ONLAR AYA BİZ YAYA

Toplumsal gidişimiz, ürküntü verecek derecede yozlaştı. Maalesef tahammülsüzlük ve hoşgörüsüzlük, kendi gibi olmayana ya da kendi gibi düşünmeyene yaşam hakkı tanımayacak düzeyde tehlikeli yükselişini sürdürüyor. Otobüste, markette, devlet dairesinde, okulda, evde… Hiçbir yerde farklı olana tahammül yok, ölmeleri mubah gibi yani farklı olan ölse kimse üzülmeyecek gibi.

Okun ucunda kimler var? Birkaçını sayalım: Kitap okuyanlar başta çünkü okuyan insan kul olmaz, birey olur. Araştıranlar çünkü araştıran insan kabullenmez, sorgular ve düşünsel zemini hazırladıktan sonra benimser. Farklı mezhepler, farklı dinler, farklı milletler. Ne çıkar sohbetini paylaştığın adam Hıristiyan’sa, Rum’sa, Alevi’yse hatta hiçbir inanca sahip olmayan bir ateistse? Ne olur yani? Dünya savaşı mı çıkar? Birey olarak, insan olarak hiç kıymeti yok mudur? Onunla yaşanılan ya da yaşanılacak anların hiçbir kıymetiharbiyesi yok mudur?

Herkesin aynı dini düşünce, aynı milli kimlik, aynı siyasi ideolojiyle var olduğu bir ülke ya da bir dünyada neyin önemi kalır? Hiç düşündünüz mü? Her şey aksa, akın önemi kalmaz. Ben ruhsuzluğu reddediyorum. Her şeyin aynı olduğu bir dünya, beni ruhsuzluktan başka bir yere götürmez.

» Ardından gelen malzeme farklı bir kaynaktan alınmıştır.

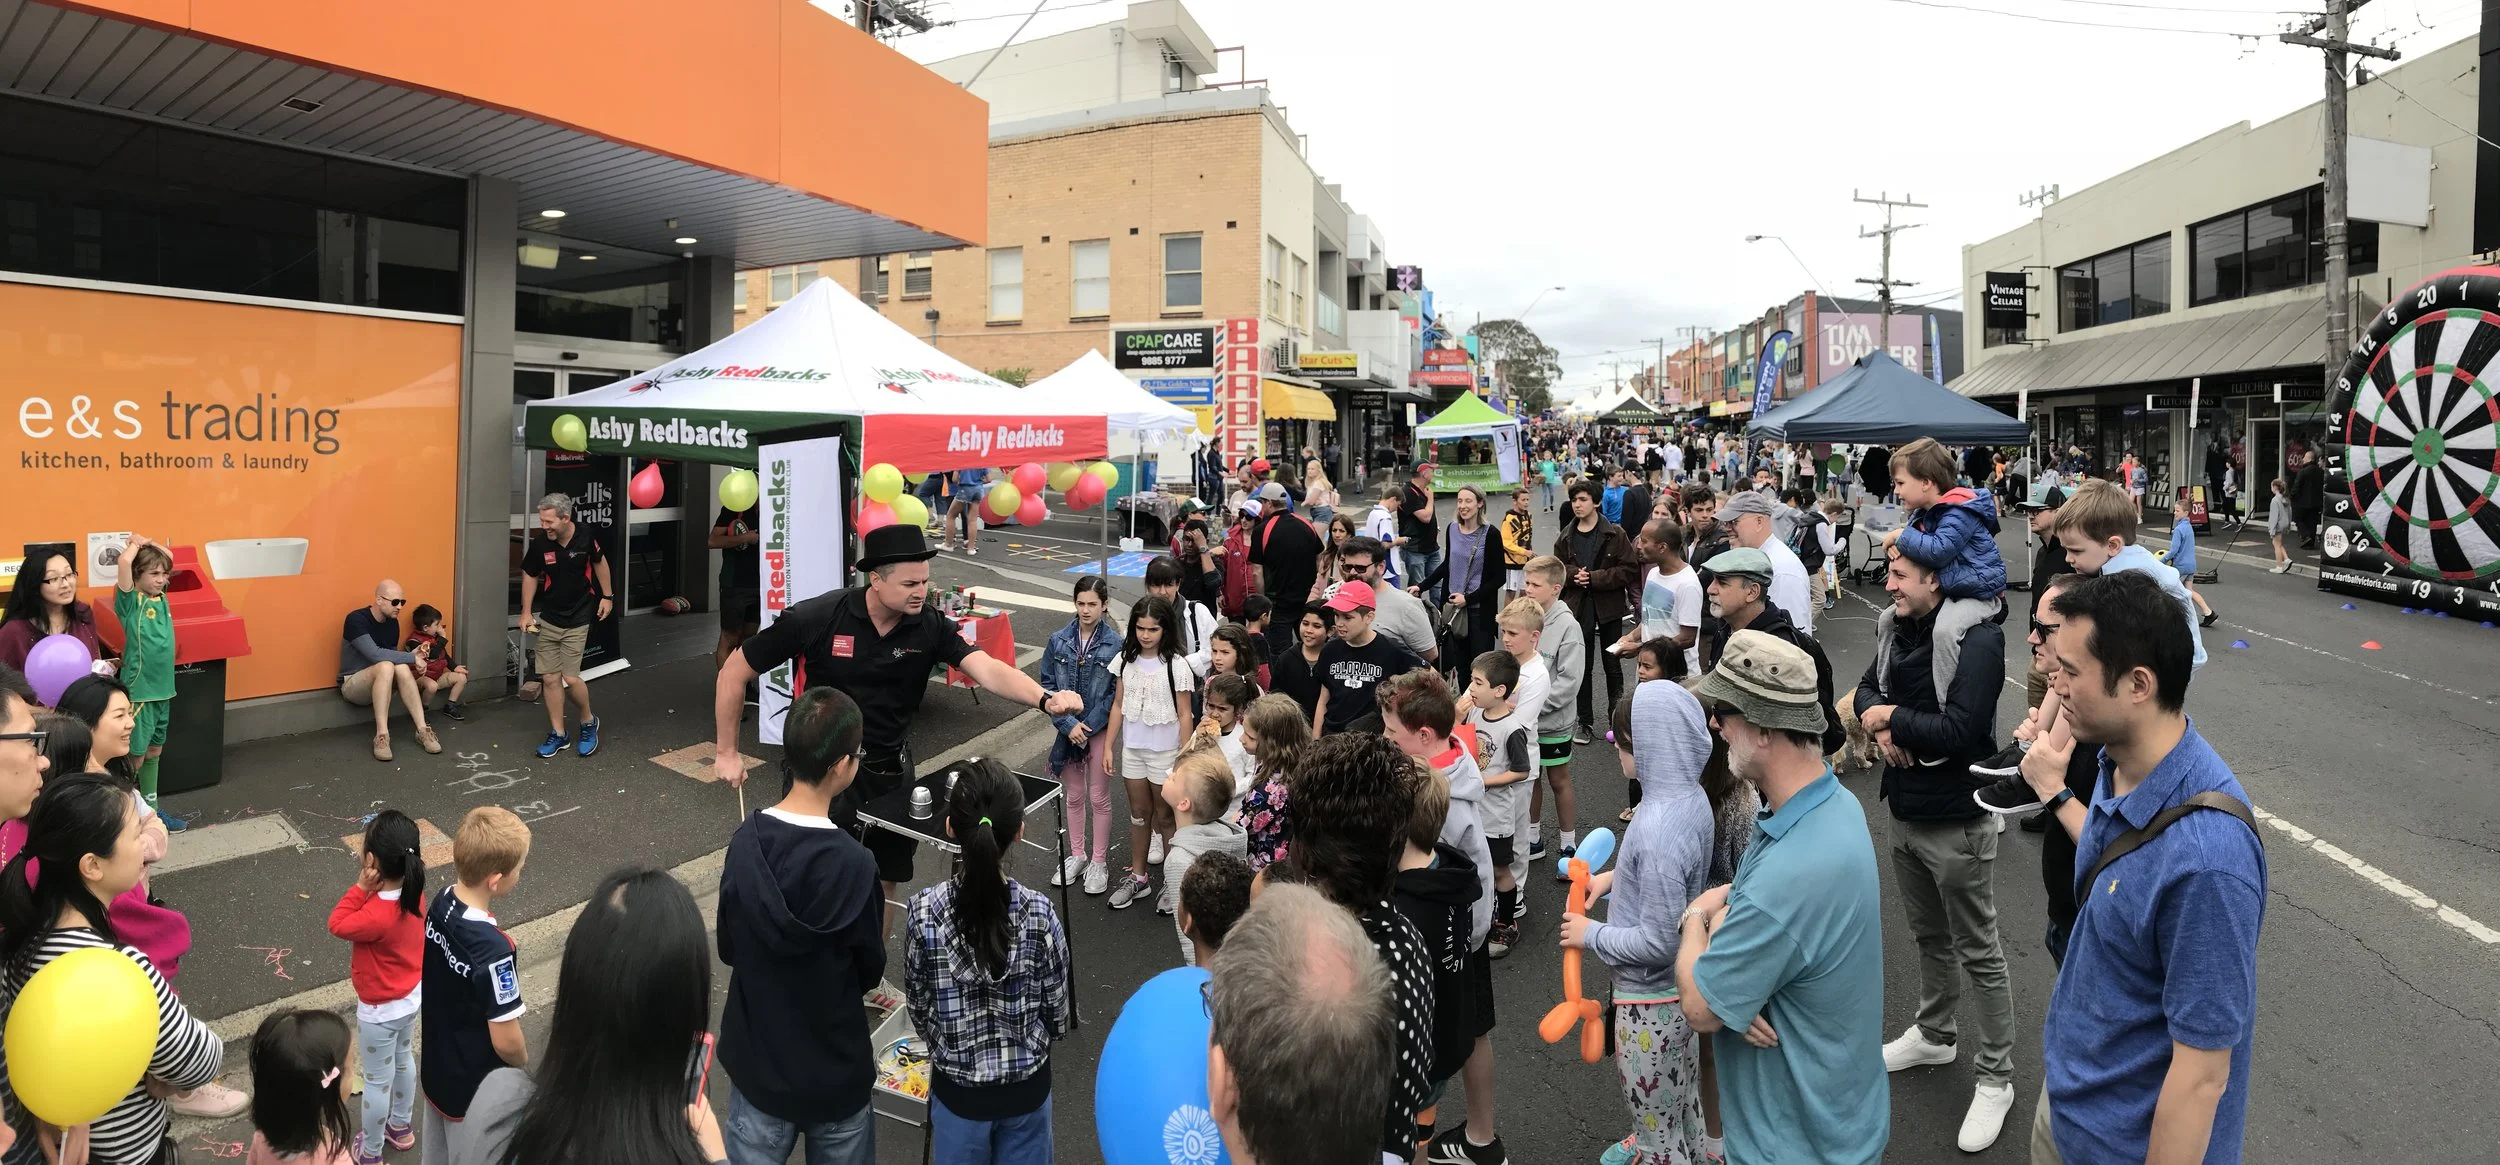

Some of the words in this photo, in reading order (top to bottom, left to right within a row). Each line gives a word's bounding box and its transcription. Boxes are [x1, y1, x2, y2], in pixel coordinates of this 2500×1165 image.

Karşımdaki benim gibi düşünmediği, inanmadığı, yaşamadığı için benim düşüncemin, inancımın, yaşantımın anlamı olur. Böyle birey olurum, öbür türlü binlerce çakılın içindeki herhangi bir çakıl gibi herhangi bir et kütlesi olurum. Ben herhangi biri olmak istemiyorum. Kendi farkımı ortaya koyup öyle bilinmek istiyorum. Eminim ki bu toplumun büyük çoğunluğu da bunu istiyor.

Herkesi tek tipleştirme düşüncesi, toplumsal bir intihardan başka bir şey değildir. Farklı düşünen, yaşayan, inanan insanların olduğu bir dünya güzelleşmeye mecburdur. Dayatmanın, baskının, hoşgörüsüzlüğün hüküm sürdüğü bir dünyadaysa ruhsuz yığınlar doğacaktır. Bizleri toplum yapan şey tam olarak bu düşüncedir. Ruhumuz olmadığı sürece bir yığından farkımız kalmaz. Her bireyin kendini gerçekleştirdiği, kendi duygusu ve düşüncesiyle var olduğu bir toplumda herkes mutlu olacaktır. Siyasi düşüncenin, dini inanışın, milli kimliğin insani değerlerin önüne geçmesi; insanları büyük bir mutsuzluğa sürükleyecektir. Yapay zeka teknolojisinin dünyayı şaşırttığı, başka gezegenlere turistik seyahatlerin yapıldığı, endüstride birkaç çağ birden atlanıldığı bir dönemde bu yazıyı kaleme almak trajikomik. Birbirimizin yaşantısından daha önemli şeylere eğilmemiz gerekiyor. Tarım gibi, hayvancılık gibi, teknoloji gibi, bilimsel çalışmalar gibi el atmamız gereken çok daha önemli konular var. Toplumsal var oluşumuz için bu konular daha önemli.